We have reviewed and discussed with management the Company's audited financial statements as of and for the year ended December 31, 2014.
We have discussed with the independent registered public accounting firm the matters required to be discussed by the statement on Auditing Standards No. 16, as adopted by the Public Company Accounting Oversight Board ("PCAOB").
We have received and reviewed the written disclosures and the letter from the independent registered public accounting firm required by applicable requirements of the PCAOB regarding the independent registered public accounting firm's communications with the audit committee concerning independence and have discussed with the independent registered public accounting firm its independence.
Based on the reviews and discussions referred to above, we recommended to the Board of Directors that the financial statements referred to above be included in the Company's Annual Report on Form 10-K for the year ended December 31, 2014.
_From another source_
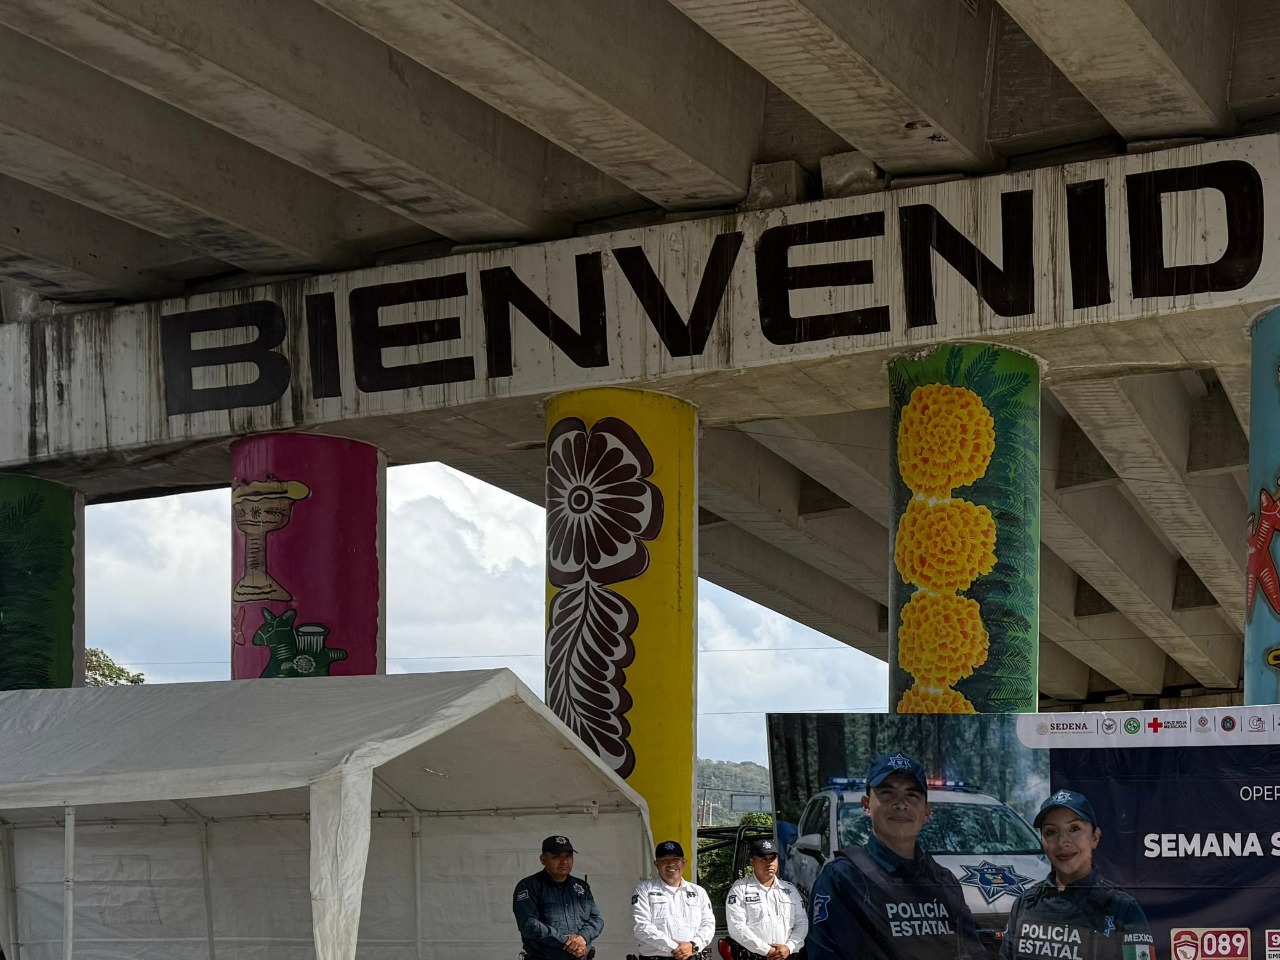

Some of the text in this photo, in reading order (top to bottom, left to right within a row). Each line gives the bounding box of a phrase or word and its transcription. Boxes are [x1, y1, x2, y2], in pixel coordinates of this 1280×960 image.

Philip C. Utter Timothy H. Corrigan William R. Dickson |
DISCLOSURE OF FEES PAID TO
OUR INDEPENDENT REGISTERED PUBLIC ACCOUNTING FIRM
The following sets forth the fees billed to the Company for the fiscal years ended December 31, 2014 and December 31, 2013 by BDO USA, LLP, the Company's principal accounting firm:
2014 | 2013 | |||||||
BDO USA, LLP | ||||||||
Audit Fees | $ | 174,066 | $ | 184,027 | ||||
Audit Related | 13,010 | - | ||||||
Tax Fees(1) | 17,197 | 25,750 | ||||||
Other | - | - | ||||||
Total | $ | 204,273 | $ | 209,777 |
(1) | Consists primarily of tax consulting and tax return preparation. |
The audit committee has established a pre-approval policy for audit, audit related, and tax services that can be performed by the Company's independent registered public accounting firm. Under this pre-approval policy, the audit committee is required to approve, in advance of the services being rendered, any audit, audit related or tax services to be provided by the Company's then independent registered public accounting firm. Subject to certain limitations, the authority to grant pre-approvals may be delegated to one or more members of the audit committee. All fees paid to BDO USA, LLP for services performed in 2014 and 2013 were approved pursuant to such pre-approval policy.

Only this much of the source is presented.